ROC curves on every pixel of every test image: MLP at AUC 0.989, Sobel baseline at AUC 0.880, chance at 0.5. The two curves diverge almost everywhere except at the high-FPR corner, which is the regime where Sobel marks the entire interior of every cell.

em_segmentation_isbi.gif

Four-panel animation across 11 frames (epoch 0 init + 10 training epochs): input + GT contour overlay | MLP probability map | thresholded prediction at the prior-matching threshold | training-curve subplot tracking test AUC vs the edge-baseline floor. The probability map starts as Glorot-uniform noise and sharpens into a clean membrane mask over ~6 epochs.
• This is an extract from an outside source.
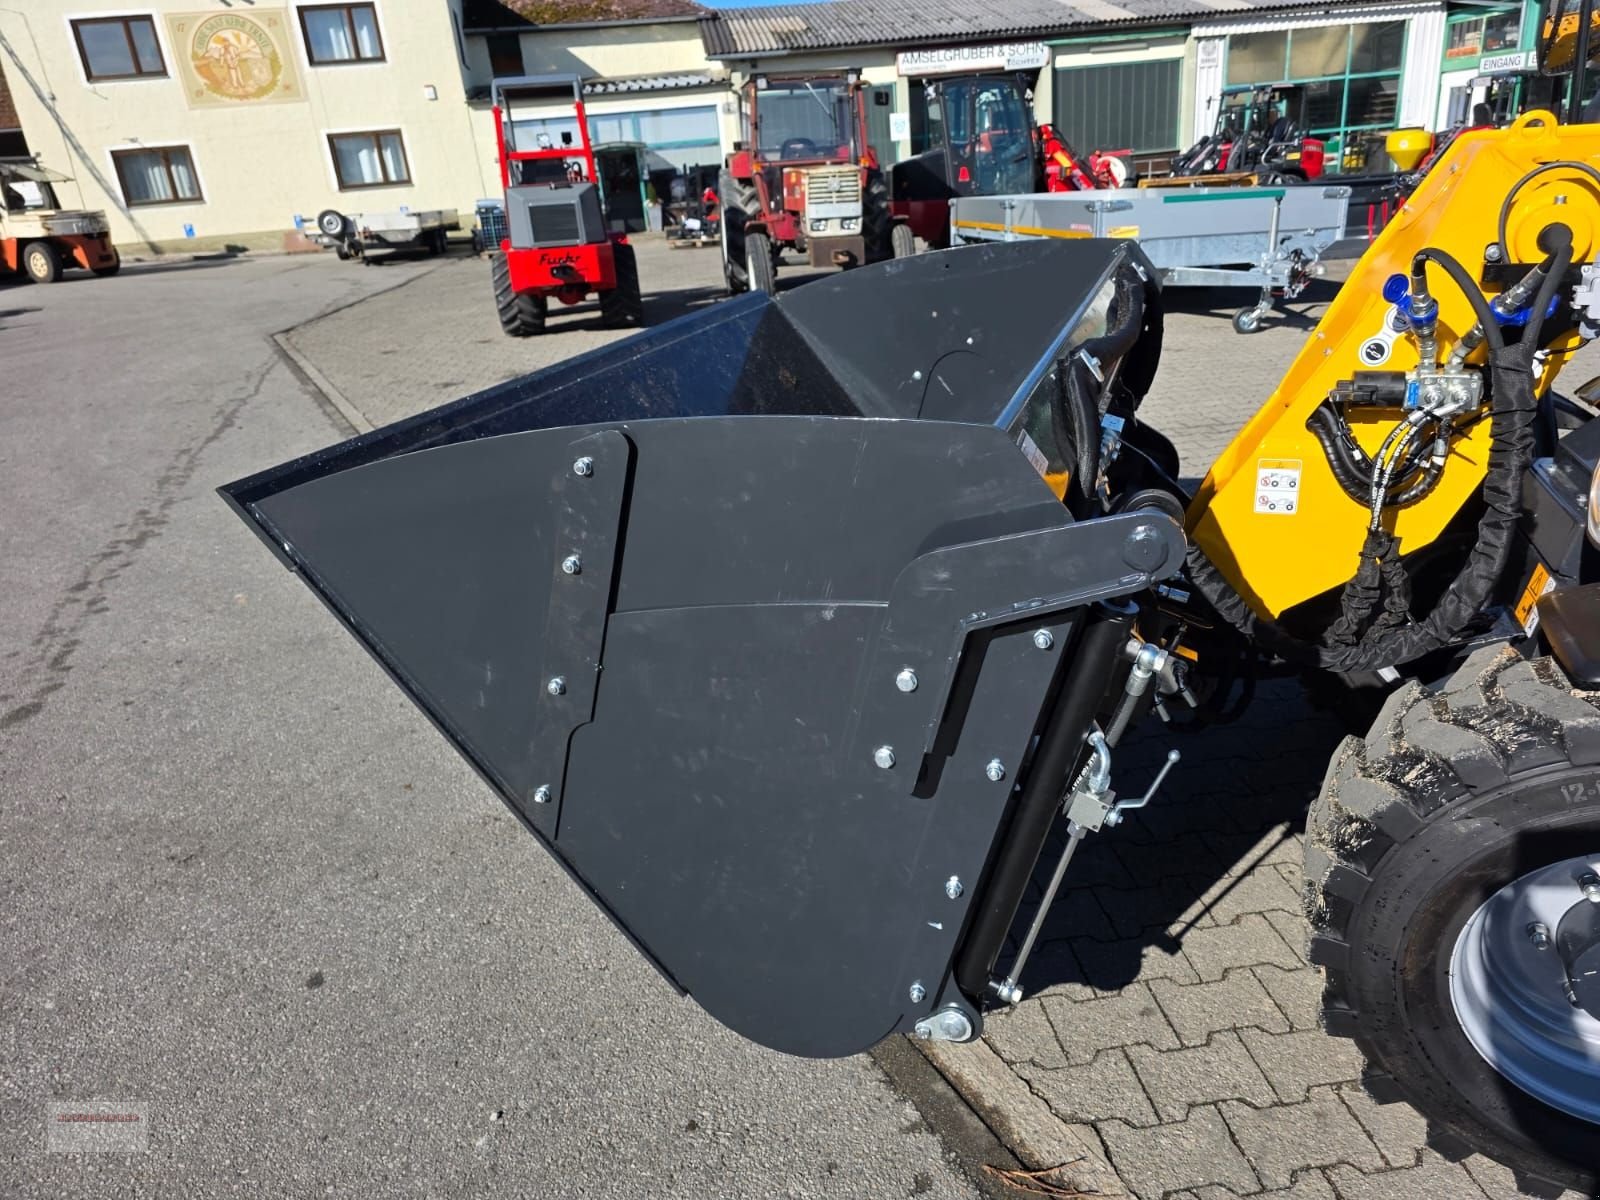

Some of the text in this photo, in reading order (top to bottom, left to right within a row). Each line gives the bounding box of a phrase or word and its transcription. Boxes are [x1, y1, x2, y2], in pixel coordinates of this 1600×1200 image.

[902, 42, 1044, 65] AMSELGRUBER & SOHN
[1483, 55, 1521, 70] EINGANG
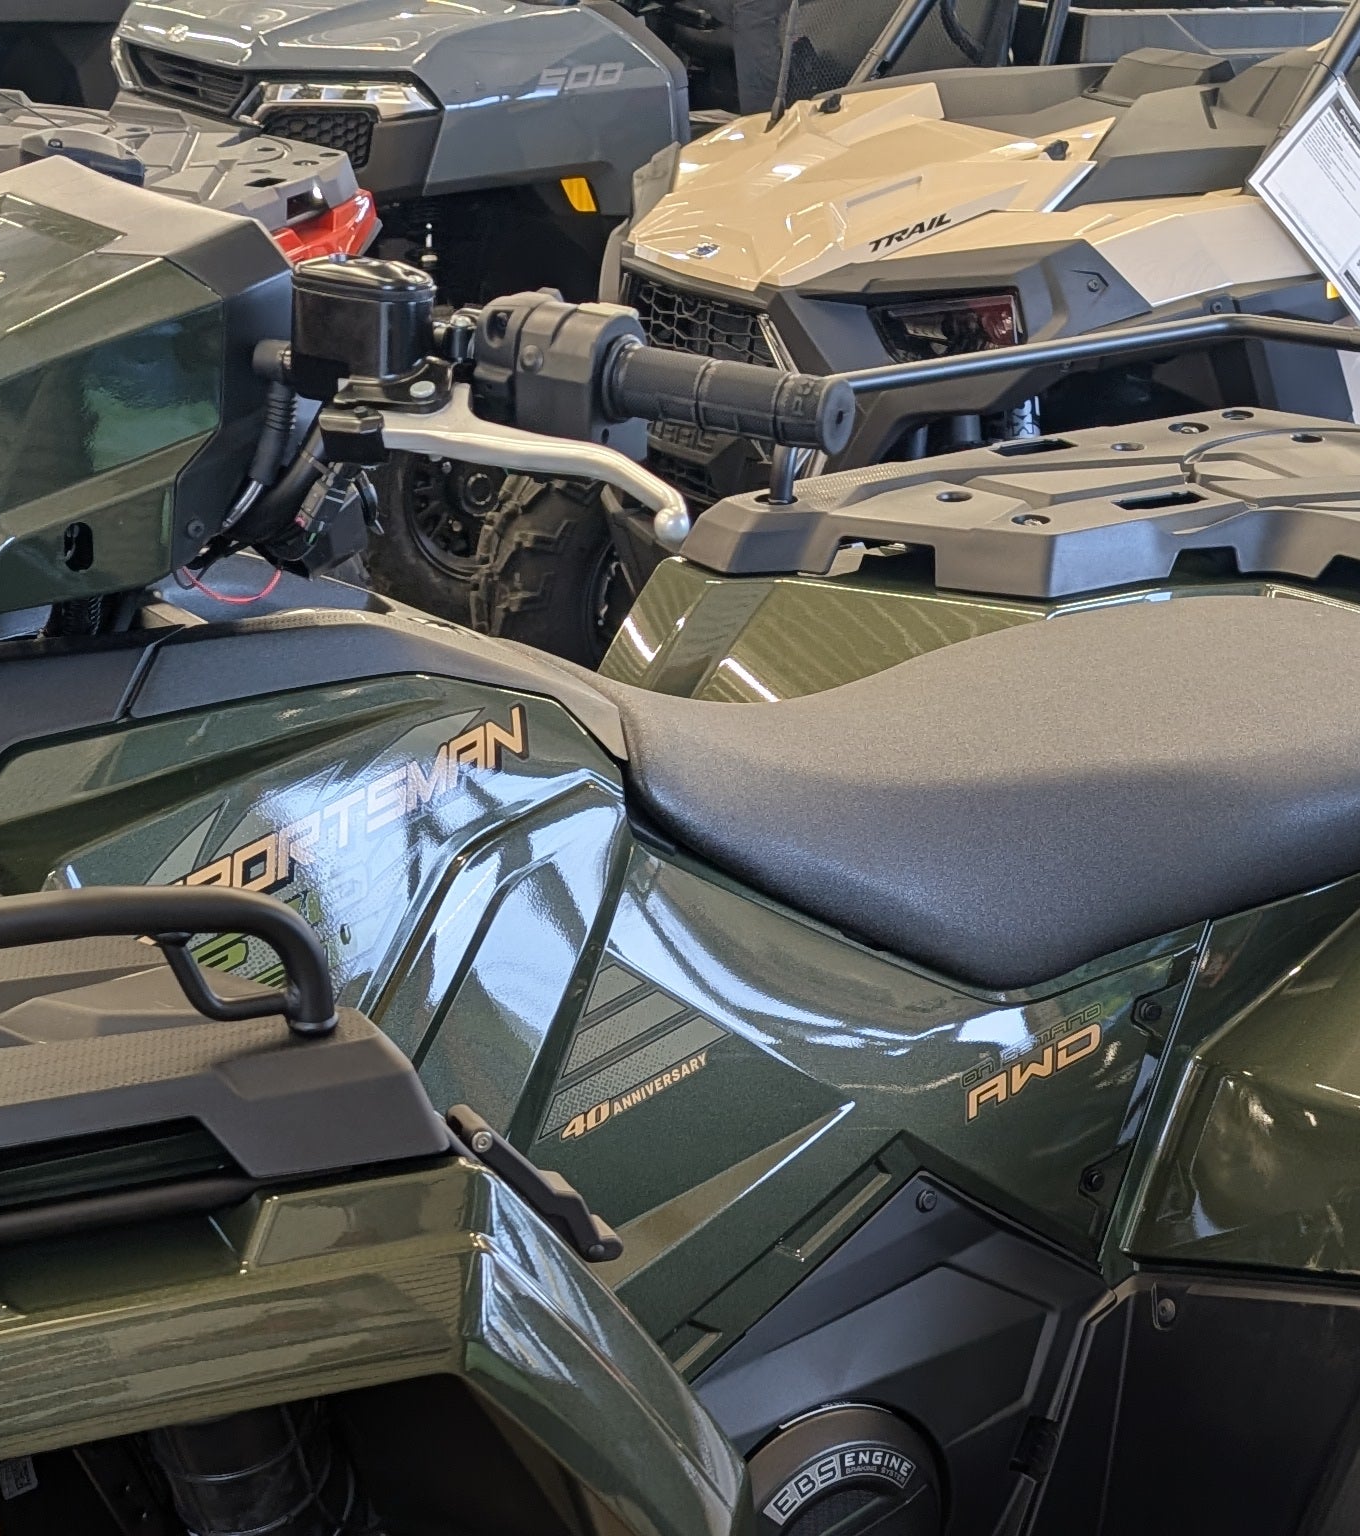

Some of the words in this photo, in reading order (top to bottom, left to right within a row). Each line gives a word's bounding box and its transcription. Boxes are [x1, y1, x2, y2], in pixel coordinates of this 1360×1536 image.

Deviations from the original

1. Dataset. Paper: ISBI 2012 ssTEM Drosophila stack (30 slices, 512×512, ~4 nm/px). Here: synthetic Voronoi-EM generated in numpy (8 train + 4 test images at 96×96, 25 cells each). The SPEC for v1.5 forbids external dataset downloads; the synthetic substitute captures the structural problem (dense pixel-wise binary classification on EM-like images) but cannot be cross-compared to the paper’s rand-error number.
2. Architecture. Paper: 4-convolutional + 2-fully-connected deep CNN, 65×65 patches, ~600 k weights × 4 networks averaged. Here: 2-hidden-layer fully-connected MLP, 32×32 patches, ~295 k weights, single network. The SPEC explicitly allows an MLP pixel-classifier substitute “if pure numpy convs are too heavy” for v1.5; we used that allowance. A pure-numpy convolutional backbone is the obvious v2 upgrade.
3. Patch size. Paper: 65 × 65 (provides ~32-pixel context around the target pixel on each side). Here: 32 × 32. The smaller patch is sufficient for the synthetic membrane width (≤ 2 px) but would be a bottleneck on real EM where membranes can be locally ambiguous over 30+ pixels.
4. Class balancing. Paper: trains on a class-balanced subset of pixels (membrane is ~22 % in real EM). Here: identical recipe — sample 50/50 membrane vs non-membrane patches each epoch. We additionally report a prior-matching threshold at evaluation time (we adopt the threshold that makes the predicted positive fraction match the true membrane fraction, ~0.15) to compute a fair pixel-accuracy headline. The default 0.5 threshold over-predicts membrane and is reported alongside.
5. No model averaging. Paper: 4-network ensemble + 7-rotation test-time augmentation. Here: single network, no augmentation.
6. No augmentation. Paper: extensive elastic + affine augmentation on patches. Here: none. The synthetic dataset is already infinite (a fresh tessellation per generation), so per-epoch resampling of patches plays the same role.
7. Optimizer. Paper: SGD with manual learning-rate annealing on GPU. Here: SGD + Nesterov-style momentum 0.9 + exponential LR decay (×0.92 / epoch) on CPU, single seed. Same family.
8. Metric. Paper headline: rand-error and warping-error on the ISBI 2012 leaderboard. Here: ROC AUC + pixel accuracy at two thresholds. AUC is the threshold-free standard for binary pixel classification and is the most honest comparison against the edge baseline; rand-error requires an instance-segmentation post-process the paper has but this stub does not.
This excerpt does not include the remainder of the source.